S I Z
(Source: felixity)
Angelina Jolie on why she had a double mastectomy, and how it can save lives
My mother fought cancer for almost a decade and died at 56. She held out long enough to meet the first of her grandchildren and to hold them in her arms. But my other children will never have the chance to know her and experience how loving and gracious she was.
We often speak of “Mommy’s mommy,” and I find myself trying to explain the illness that took her away from us. They have asked if the same could happen to me. I have always told them not to worry, but the truth is I carry a “faulty” gene, BRCA1, which sharply increases my risk of developing breast cancer and ovarian cancer.
My doctors estimated that I had an 87 percent risk of breast cancer and a 50 percent risk of ovarian cancer, although the risk is different in the case of each woman.
Only a fraction of breast cancers result from an inherited gene mutation. Those with a defect in BRCA1 have a 65 percent risk of getting it, on average.
Once I knew that this was my reality, I decided to be proactive and to minimize the risk as much I could. I made a decision to have a preventive double mastectomy. I started with the breasts, as my risk of breast cancer is higher than my risk of ovarian cancer, and the surgery is more complex.
On April 27, I finished the three months of medical procedures that the mastectomies involved. During that time I have been able to keep this private and to carry on with my work.
But I am writing about it now because I hope that other women can benefit from my experience. Cancer is still a word that strikes fear into people’s hearts, producing a deep sense of powerlessness. But today it is possible to find out through a blood test whether you are highly susceptible to breast and ovarian cancer, and then take action.

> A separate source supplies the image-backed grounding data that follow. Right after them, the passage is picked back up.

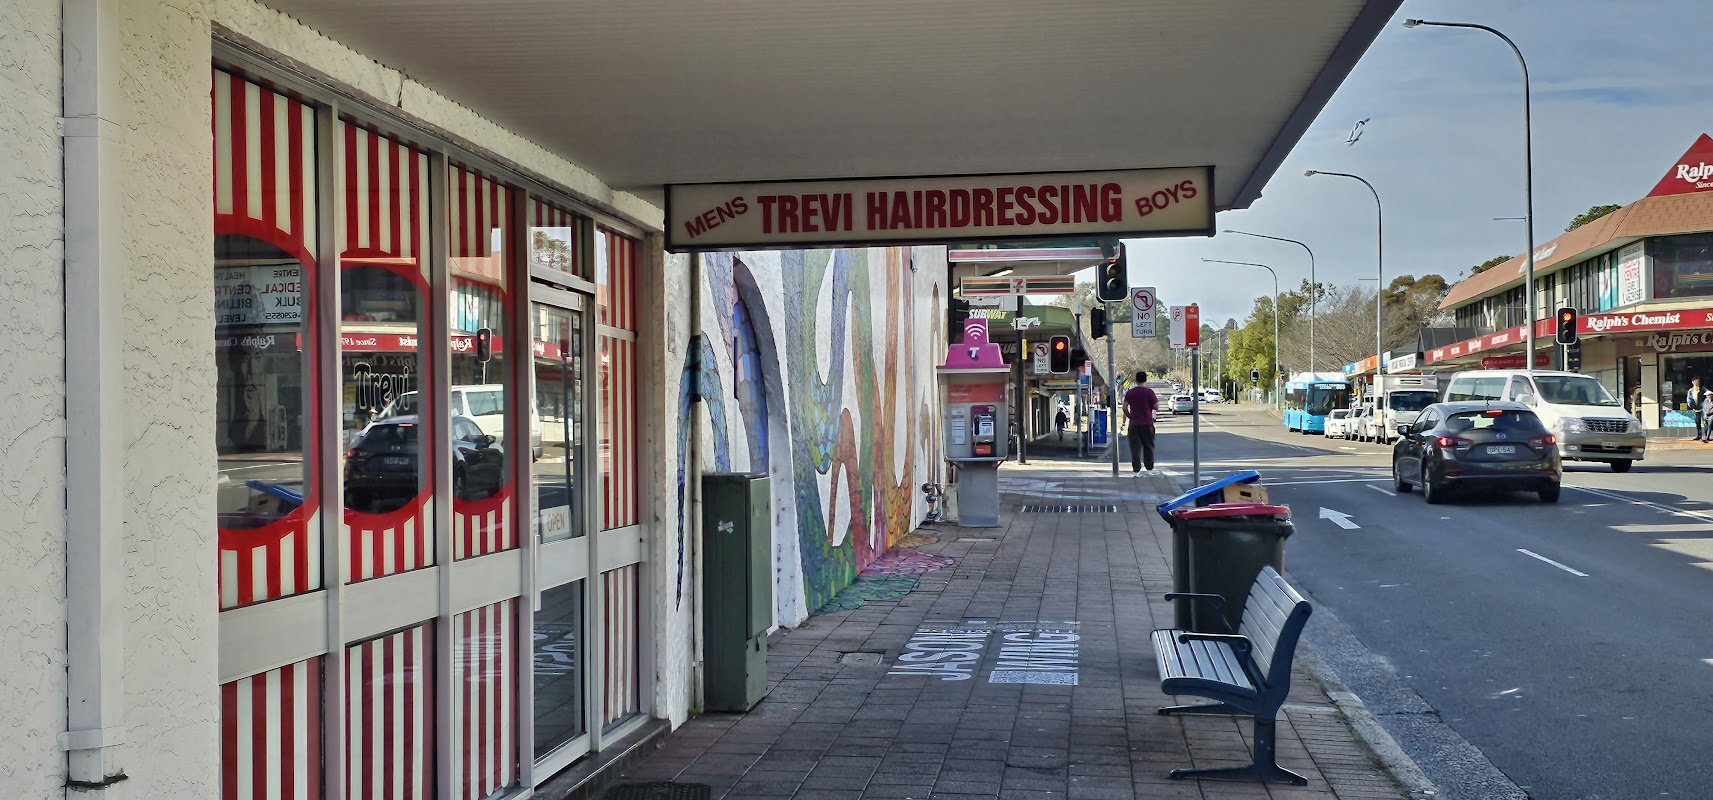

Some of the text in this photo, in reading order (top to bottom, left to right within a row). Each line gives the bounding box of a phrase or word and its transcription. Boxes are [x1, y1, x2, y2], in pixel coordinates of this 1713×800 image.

[684, 179, 1197, 238] MENS TREVI HAIRDRESSING BOYS
[968, 309, 1007, 320] SUBWAY
[1586, 316, 1629, 331] Ralph's
[1631, 312, 1680, 326] Chemist
[1646, 332, 1699, 352] Ralph's
[354, 362, 410, 410] Trevi
[548, 512, 565, 533] OPEN

My own process began on Feb. 2 with a procedure known as a “nipple delay,” which rules out disease in the breast ducts behind the nipple and draws extra blood flow to the area. This causes some pain and a lot of bruising, but it increases the chance of saving the nipple.
Two weeks later I had the major surgery, where the breast tissue is removed and temporary fillers are put in place. The operation can take eight hours. You wake up with drain tubes and expanders in your breasts. It does feel like a scene out of a science-fiction film. But days after surgery you can be back to a normal life.
Nine weeks later, the final surgery is completed with the reconstruction of the breasts with an implant. There have been many advances in this procedure in the last few years, and the results can be beautiful.
I wanted to write this to tell other women that the decision to have a mastectomy was not easy. But it is one I am very happy that I made. My chances of developing breast cancer have dropped from 87 percent to under 5 percent. I can tell my children that they don’t need to fear they will lose me to breast cancer.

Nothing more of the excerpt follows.